▸ **Aim of the task**
Retype all the records below exactly as they are, with no image carried over.

Dataset entries:
- Opening Delimiter -

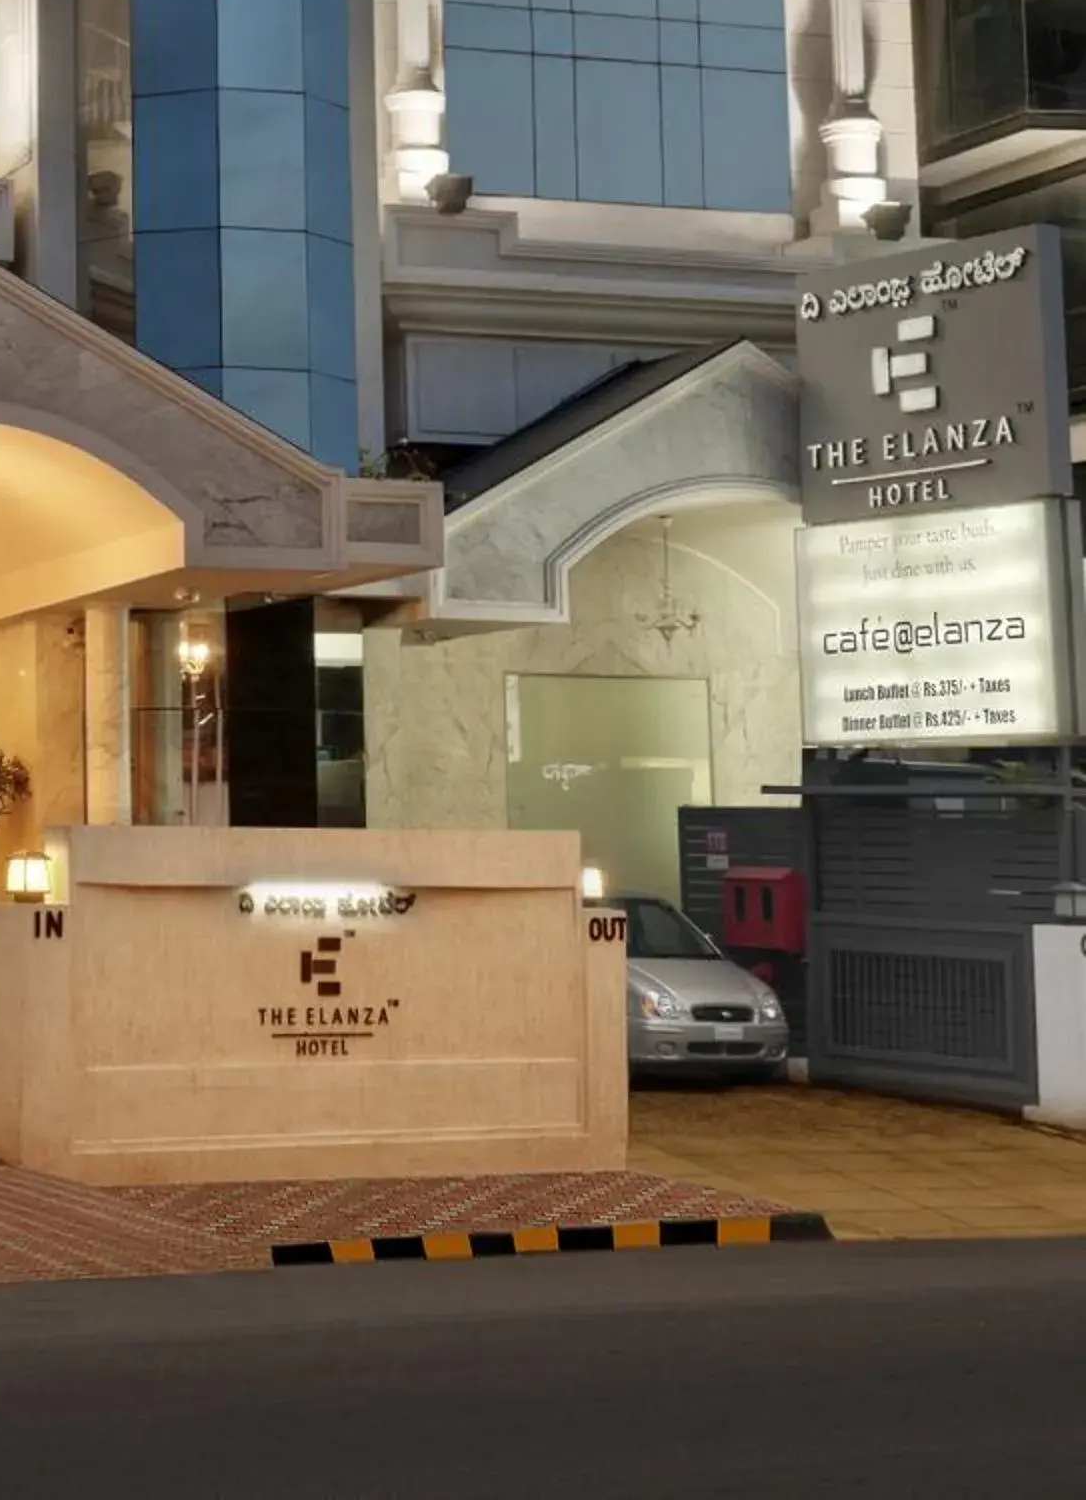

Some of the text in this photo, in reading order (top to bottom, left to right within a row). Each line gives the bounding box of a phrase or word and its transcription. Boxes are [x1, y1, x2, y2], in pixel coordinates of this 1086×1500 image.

[807, 438, 866, 469] THE
[883, 415, 1014, 461] ELANZA
[868, 478, 950, 508] HOTEL
[923, 554, 954, 577] with
[823, 611, 1026, 655] café@elanza
[978, 677, 1011, 694] Taxes
[983, 707, 1016, 725] Taxes
[34, 910, 63, 939] IN
[589, 917, 627, 942] OUT
[258, 1007, 296, 1026] THE
[306, 1007, 389, 1026] ELANZA
[295, 1039, 349, 1057] HOTEL
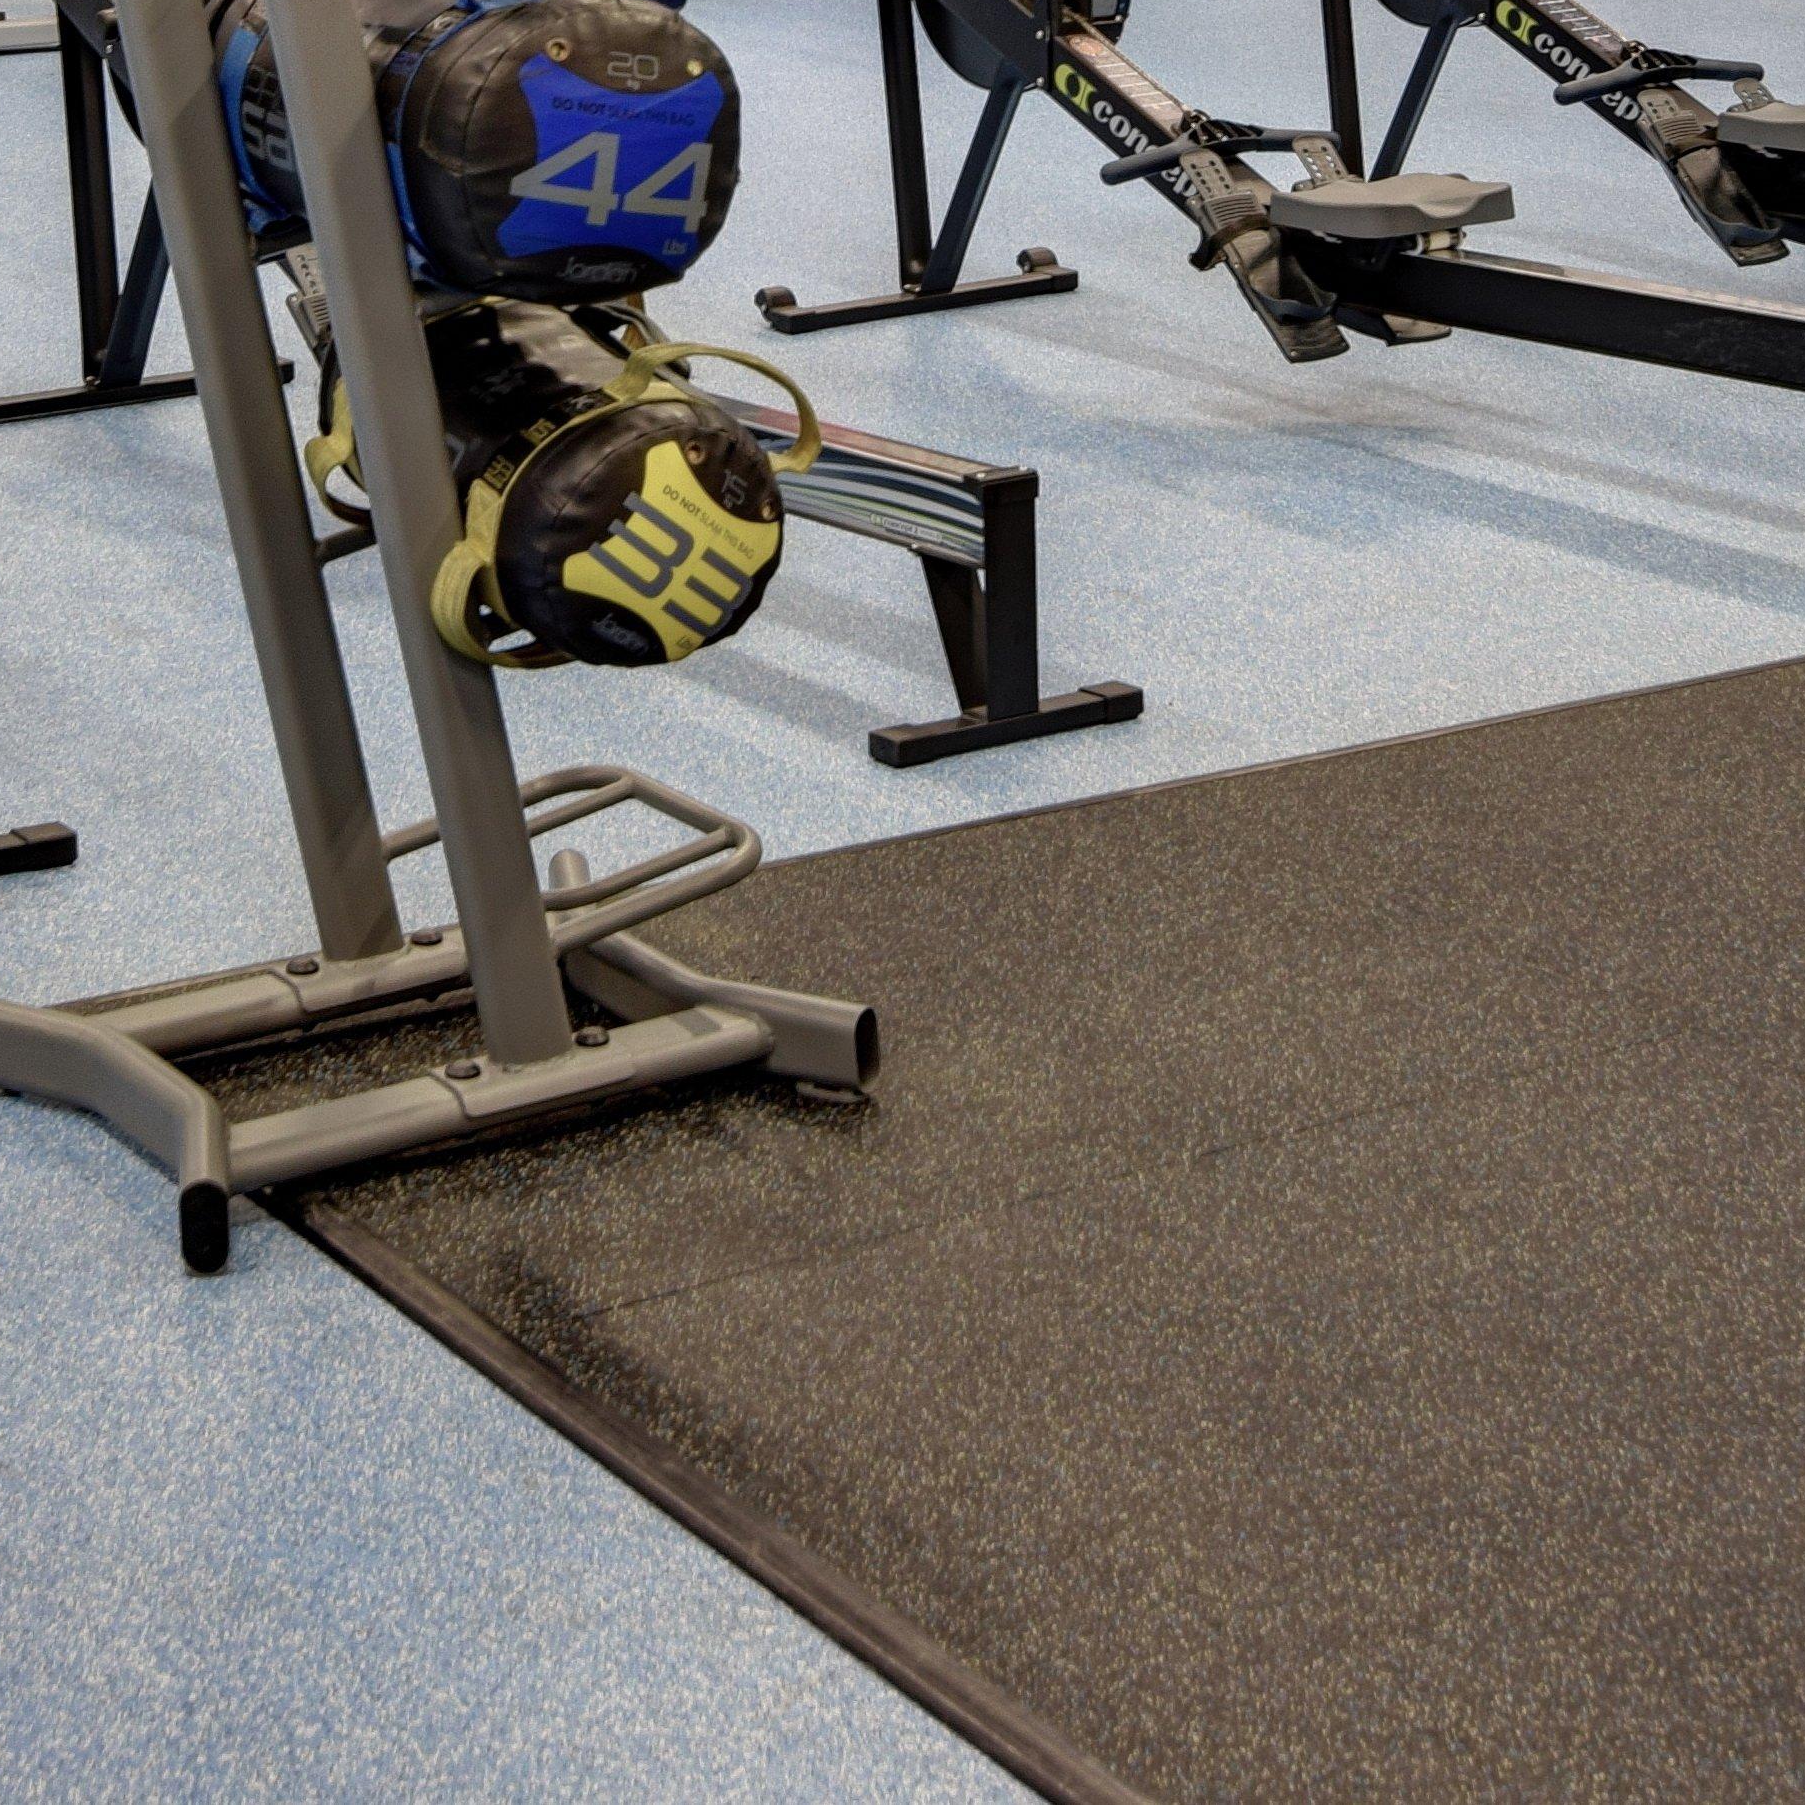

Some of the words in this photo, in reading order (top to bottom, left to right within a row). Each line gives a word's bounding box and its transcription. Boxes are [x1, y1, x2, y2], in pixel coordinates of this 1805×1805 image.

- Closing Delimiter -

▸ **Solution to this exercise**
Some of the text in this photo, in reading order (top to bottom, left to right within a row). Each line gives the bounding box of a phrase or word and its transcription. Boxes are [x1, y1, x2, y2], in pixel coordinates of this 1086×1500 image.

[807, 438, 866, 469] THE
[883, 415, 1014, 461] ELANZA
[868, 478, 950, 508] HOTEL
[923, 554, 954, 577] with
[823, 611, 1026, 655] café@elanza
[978, 677, 1011, 694] Taxes
[983, 707, 1016, 725] Taxes
[34, 910, 63, 939] IN
[589, 917, 627, 942] OUT
[258, 1007, 296, 1026] THE
[306, 1007, 389, 1026] ELANZA
[295, 1039, 349, 1057] HOTEL

Some of the words in this photo, in reading order (top to bottom, left to right within a row). Each line gives a word's bounding box and its transcription. Boxes are [x1, y1, x2, y2], in pixel coordinates of this 1805×1805 image.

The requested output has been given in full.